Wednesday, February 18, 2015

Rants and Writings

There's things that really piss me off. The sounds people make when they chew, slow drivers, rain. But nothing get's me more than those who don't offer help when you need it most. When you actually reach out to someone believing you can trust them, only to have them turn their back to you. That phrase they say keeps being told to you repeatedly that it begins to blur and numb you. You don't want to say anything because you fear of hurting them. Of losing a friend when you have so few.

"You do you"

it plays throughout my day. Haunting me. It always feels like a let down and I'm unsure of how to feel about this. They always give a weak laugh after they say it, like they know. Sometimes I say it back rudely. I want to show them that what they say isn't helpful. It's irritating. As someone who has trouble with making decisions and has anxiety attacks often, you not being there when I reach out shows me that no one cares. No one wants to hear your shit. They want to talk about their self and that's all. It's sickening. But I need friends.

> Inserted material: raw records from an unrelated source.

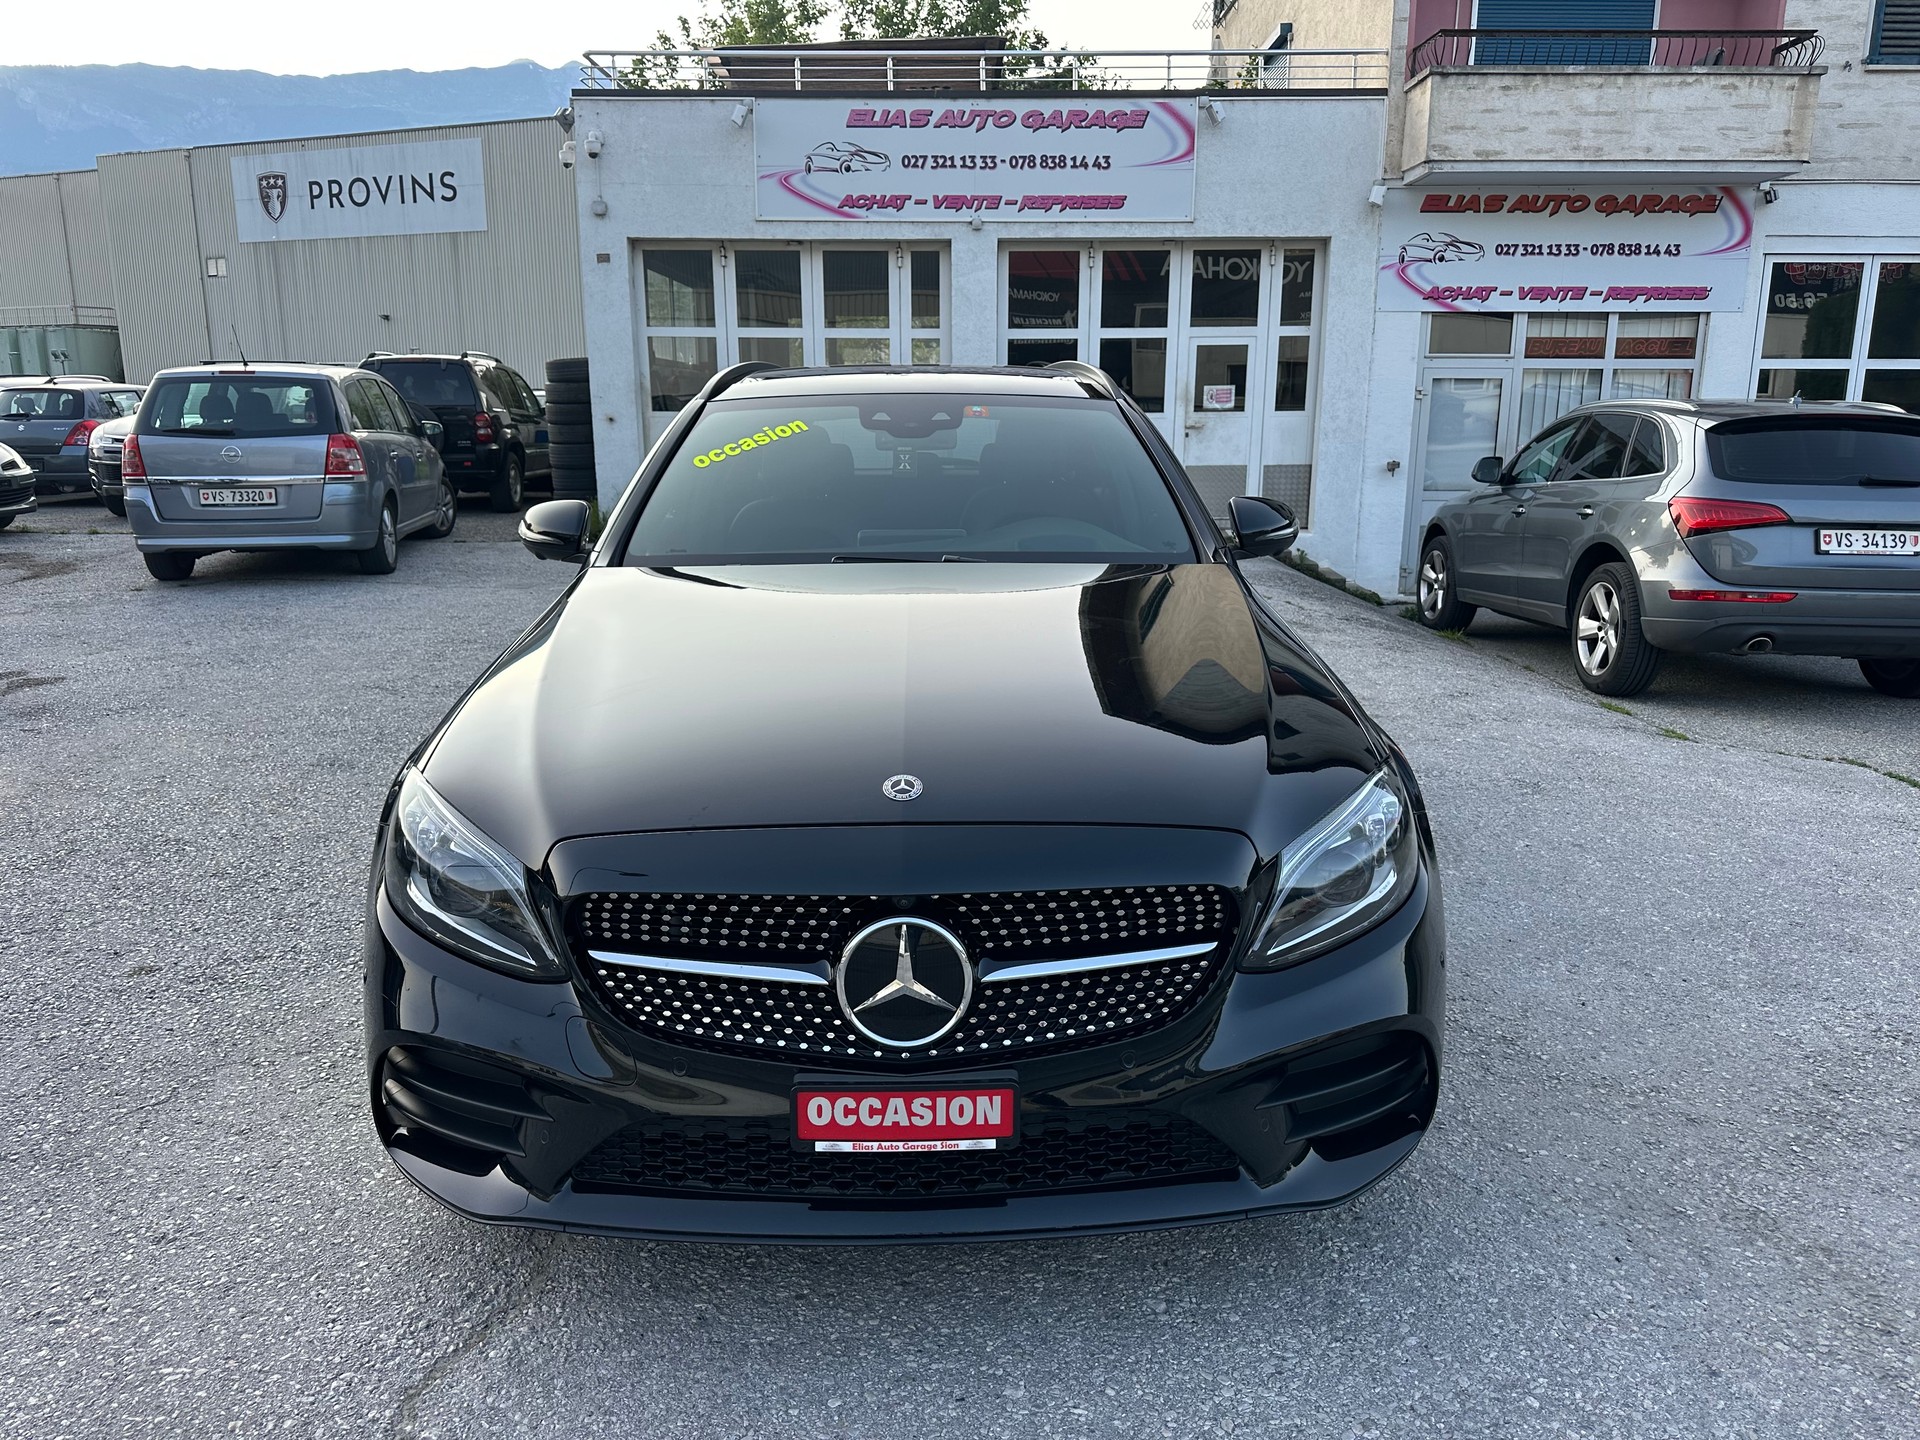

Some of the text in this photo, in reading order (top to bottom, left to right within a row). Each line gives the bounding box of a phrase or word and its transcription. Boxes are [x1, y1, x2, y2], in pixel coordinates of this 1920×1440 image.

[846, 109, 1150, 133] ELIAS AUTO GARAGE
[901, 154, 928, 170] 027
[930, 154, 957, 170] 321
[959, 154, 977, 170] 13
[979, 154, 997, 170] 33
[1009, 154, 1036, 170] 078
[1039, 154, 1067, 170] 838
[1070, 154, 1088, 170] 14
[1092, 154, 1111, 170] 43
[308, 171, 458, 210] PROVINS
[838, 194, 911, 212] ACHAT
[932, 194, 1003, 213] VENTE
[1018, 194, 1127, 213] REPRISES
[1420, 194, 1724, 217] ELIAS AUTO GARAGE
[1495, 243, 1517, 257] 027
[1520, 243, 1543, 257] 321
[1546, 243, 1563, 257] 13
[1564, 243, 1580, 257] 33
[1590, 243, 1614, 257] 078
[1617, 243, 1642, 257] 838
[1644, 243, 1661, 257] 14
[1663, 243, 1681, 257] 43
[1423, 286, 1497, 303] ACHAT
[1518, 286, 1588, 303] VENTE
[1601, 286, 1712, 303] REPRISES
[1528, 338, 1605, 356] BUREAU
[692, 418, 809, 469] occasion
[806, 1095, 1002, 1127] OCCASION
[852, 1142, 874, 1151] Elias
[876, 1142, 900, 1151] Auto
[902, 1142, 938, 1152] Garage
[940, 1141, 959, 1150] Sion

This has become a venting ground I guess. Don't think anything wrong of me, it's taking courage to write this, let alone post this. It's just something I need to get off my chest. She's a good person.

It just sucks because I go out of my way to help her. I drive her to places.

It just sucks when she laughs when i'm being serious. Do you not see that i'm getting upset?

It just sucks that I feel she is using me. We went to see a show together. She didn't pay. She hasn't payed for gas but got me cheap dinner. Does that count?

It just sucks when she ignores things I say. Do I speak to soft? But when I don't I get told i'm too loud. But I have to hear everything you say. Is that fair?

It just sucks that I can't be open about it to her face. Instead I reserve myself into a little bubble.

But I love that I keep trying.

I love that I don't give up on my dreams. That I don't hold grudges.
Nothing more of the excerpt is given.